In !117389 (merged) and !117582 (merged) we added hundreds of specs related to SSO enforcement to change the related code confidently.

This MR refactors SSO enforcement policy definition for projects from

with_scope :subject
condition(:needs_new_sso_session) do
  ::Gitlab::Auth::GroupSaml::SsoEnforcer.group_access_restricted?(subject.group, user: @user, for_project: true)
end

# For public projects, SSO enforcement only applies to group members
rule { public_project & needs_new_sso_session & group_member }.policy do
  prevent :public_user_access
  prevent :public_access
end

rule { needs_new_sso_session }.policy do
  prevent :guest_access
  prevent :reporter_access
  prevent :developer_access
  prevent :maintainer_access
  prevent :owner_access
end

to

with_scope :subject
condition(:needs_new_sso_session) do
  ::Gitlab::Auth::GroupSaml::SsoEnforcer.group_access_restricted?(subject.group, user: @user, for_project: true) && (subject.private? || group_member?)
end

rule { needs_new_sso_session }.policy do
  prevent :read_project
end

This should make SSO enforcement policy definition for projects to be more maintainable and understandable. Looking at SSO enforcement table we can say that:

The SSO enforcement check should only be applied to [private resources or group members]. To rephrase this in passive form, we can say that the SSO enforcement check is not applied to [non-members and public resources].

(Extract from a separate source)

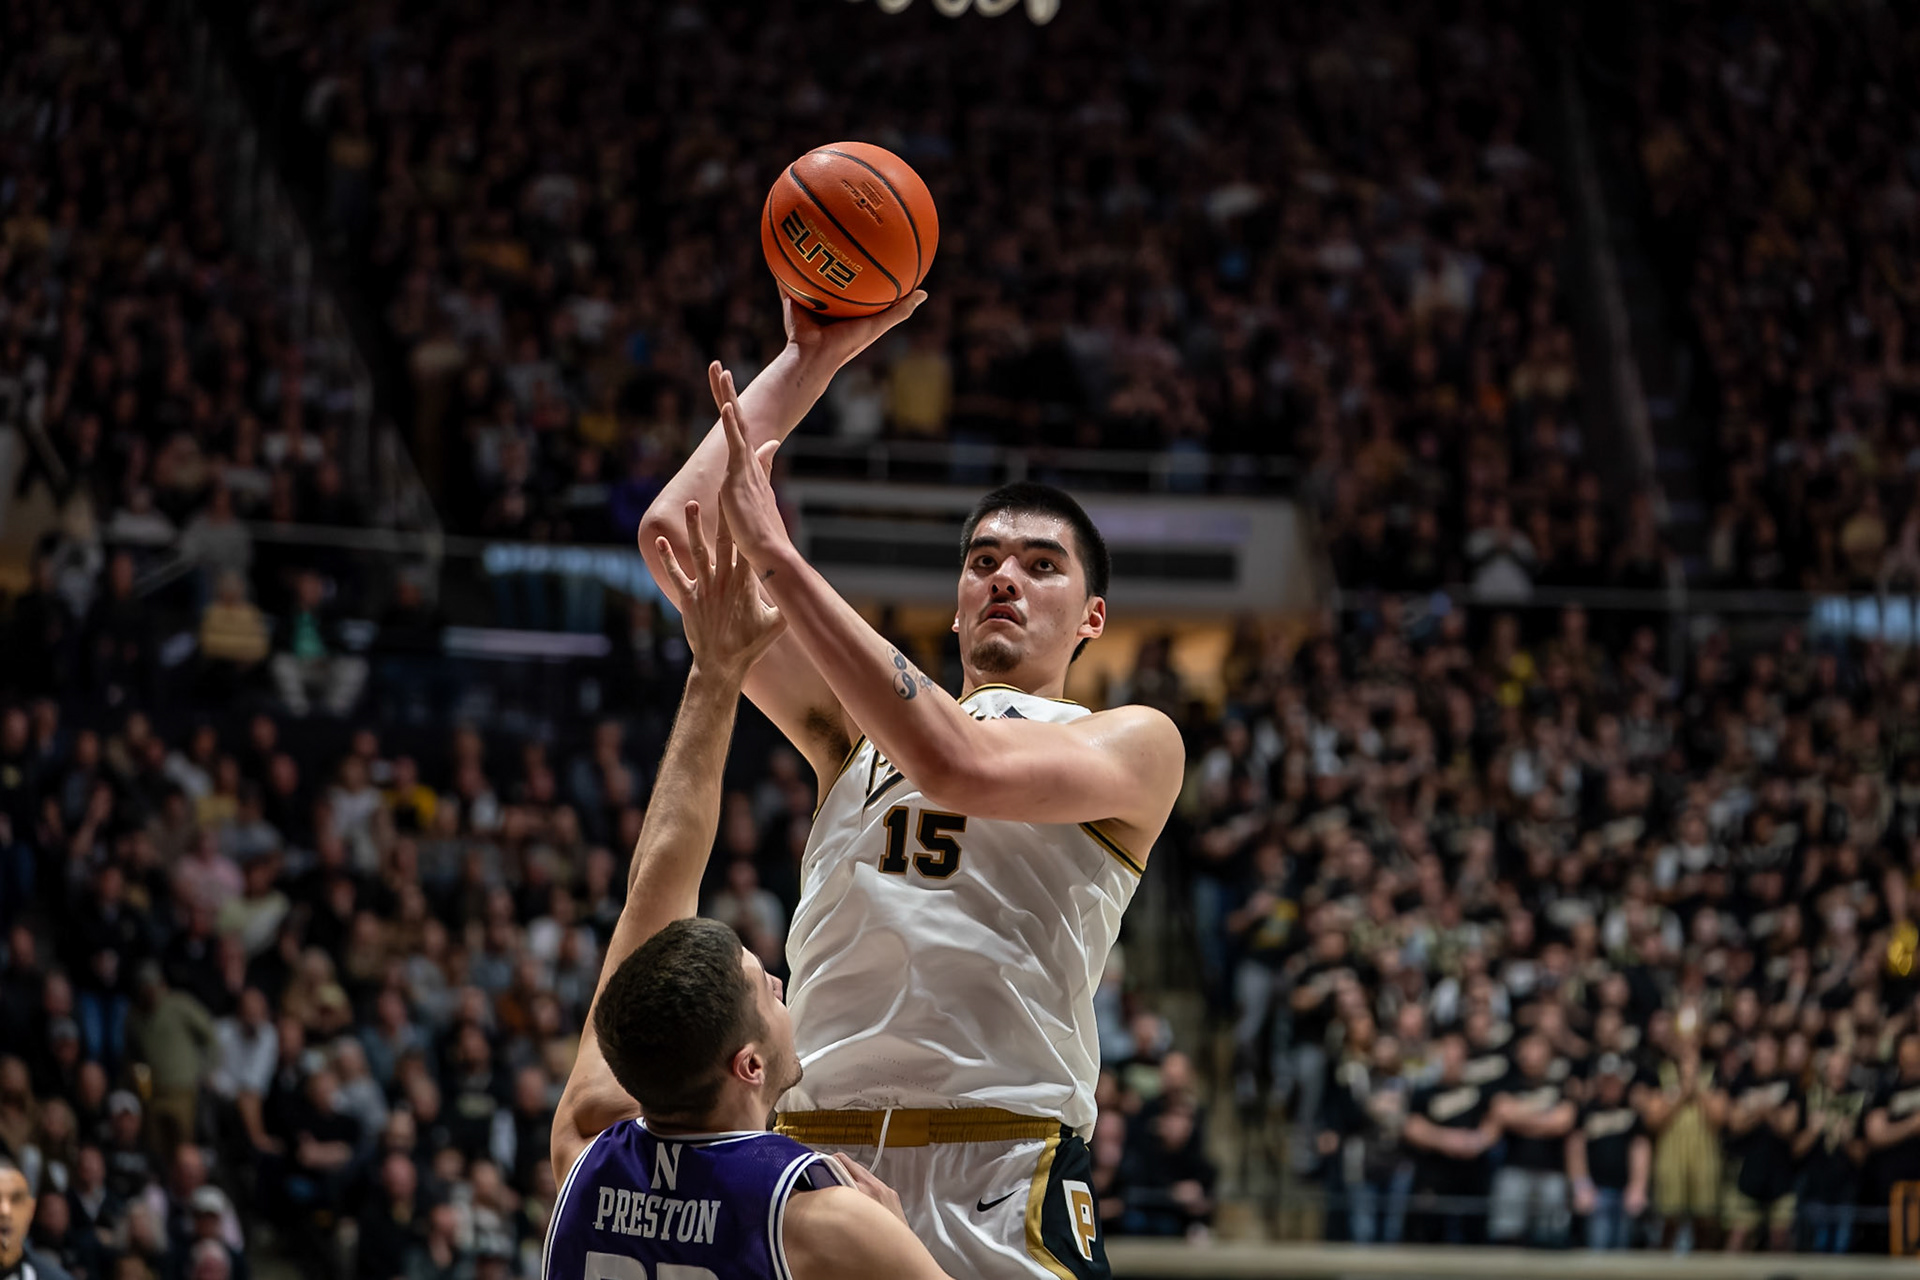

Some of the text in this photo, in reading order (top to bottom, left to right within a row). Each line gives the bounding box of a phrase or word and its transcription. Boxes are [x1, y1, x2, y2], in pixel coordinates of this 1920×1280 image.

[781, 207, 858, 290] ELITE
[878, 805, 967, 880] 15
[651, 1141, 682, 1191] N
[593, 1186, 721, 1245] PRESTON

The refactored code reflects this - it reads very close to the table since you can see the similarity between the code and the table.

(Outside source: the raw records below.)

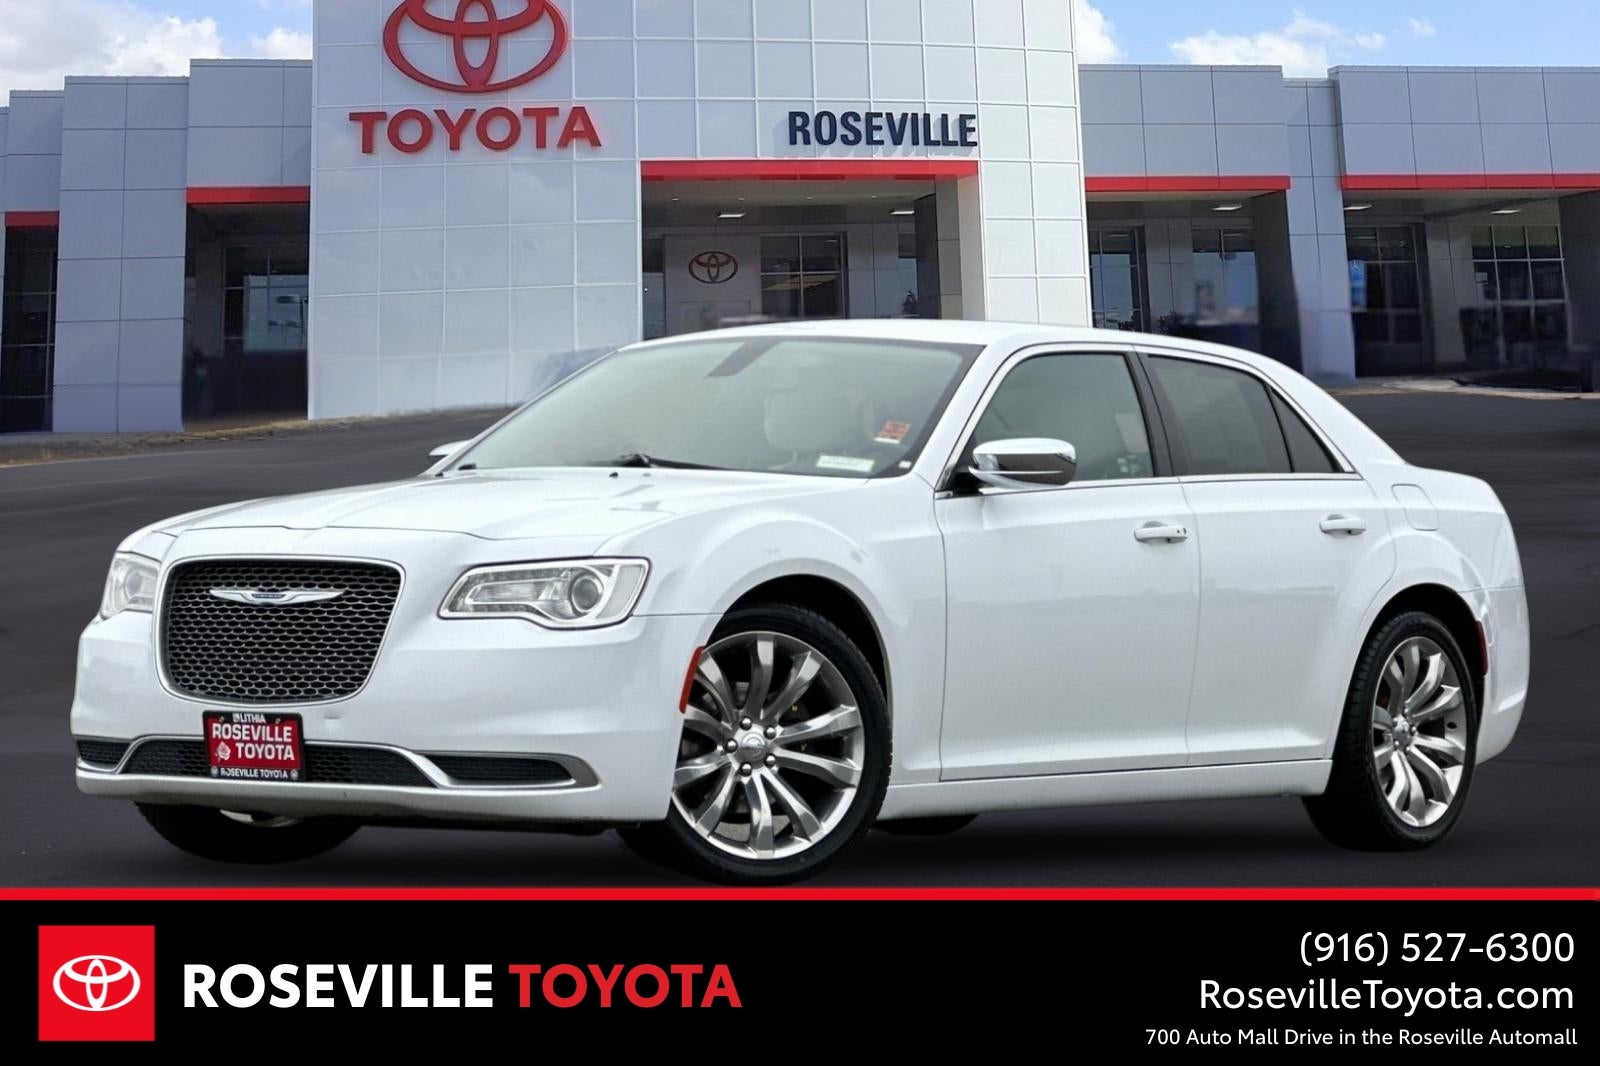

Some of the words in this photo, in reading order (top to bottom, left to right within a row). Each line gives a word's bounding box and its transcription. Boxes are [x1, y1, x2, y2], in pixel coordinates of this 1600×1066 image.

[349, 106, 602, 154] TOYOTA
[788, 110, 978, 147] ROSEVILLE
[239, 713, 266, 723] LITHIA
[212, 723, 292, 742] ROSEVILLE
[235, 742, 295, 760] TOYOTA
[220, 767, 259, 778] ROSEVILLE
[260, 769, 288, 779] TOYOTA
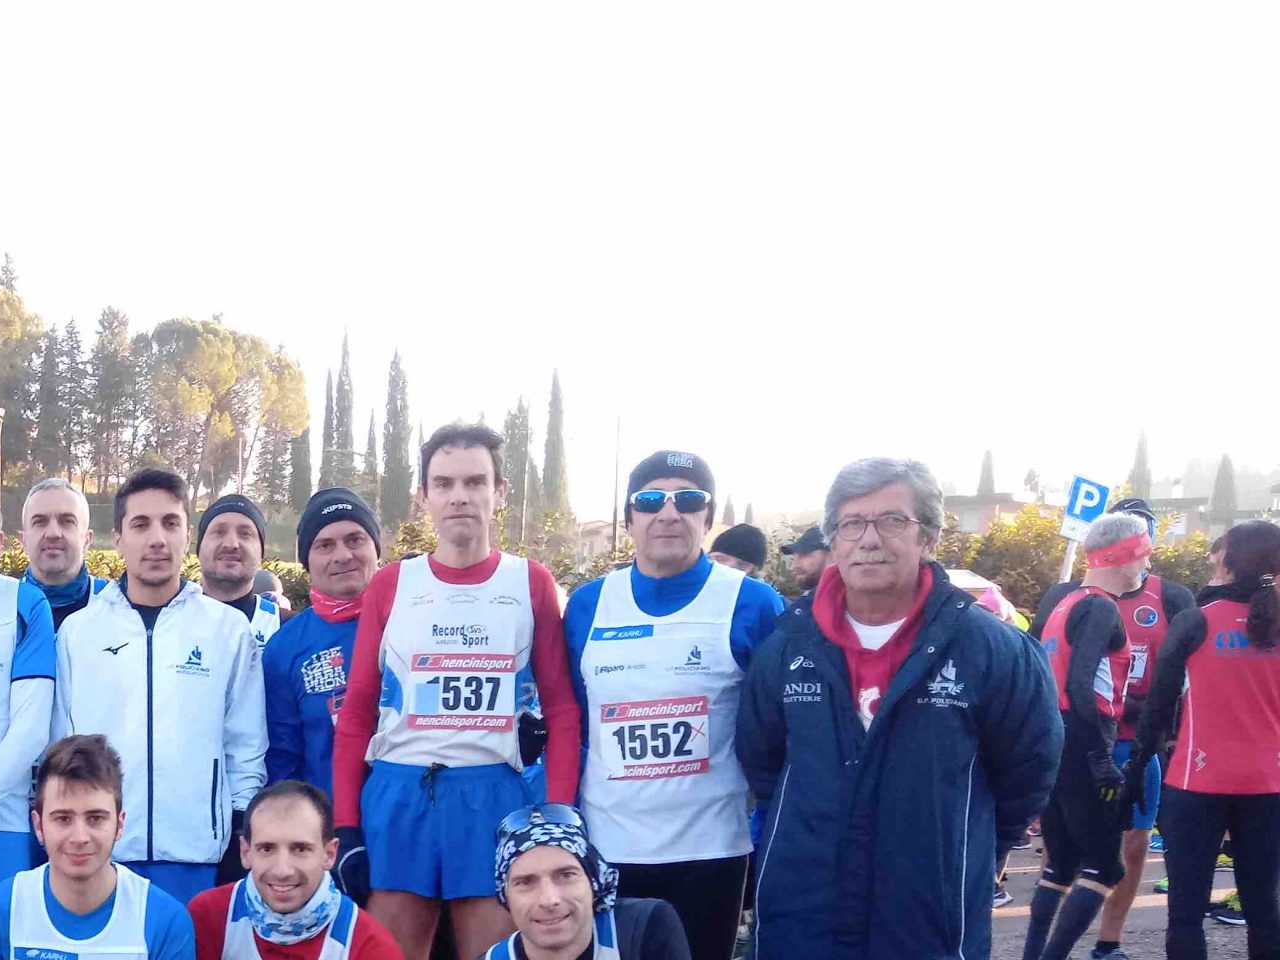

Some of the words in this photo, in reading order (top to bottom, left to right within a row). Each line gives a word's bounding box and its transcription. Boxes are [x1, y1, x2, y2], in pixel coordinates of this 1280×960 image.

This also removes the need to use public_user_access and public_access for SSO enforcement. IMO, their use should be deleted from the codebase; they are confusing and look like a workaround.

Another advantage of this refactoring is that it will make SSO enforcement policy definition for projects look the same as for SSO enforcement policy definition for groups, related to #386920 (closed). As you can see from the previous attempt to amend SSO enforcement for group in !114111 (merged), following the existing policy definition has led to confusion and lots of tech issues:

• !114111 (comment 1316056031)
• !114111 (comment 1317172042)
• !114111 (comment 1328907249)
• !114111 (comment 1333808828)

Following this refactoring for SSO enforcement policy definition for groups, it will eliminate all these issues. See !118596 (merged)

Screenshots or screen recordings

Screenshots are required for UI changes, and strongly recommended for all other merge requests.

How to set up and validate locally

Numbered steps to set up and validate the change are strongly suggested.

MR acceptance checklist

This checklist encourages us to confirm any changes have been analyzed to reduce risks in quality, performance, reliability, security, and maintainability.

• I have evaluated the MR acceptance checklist for this MR.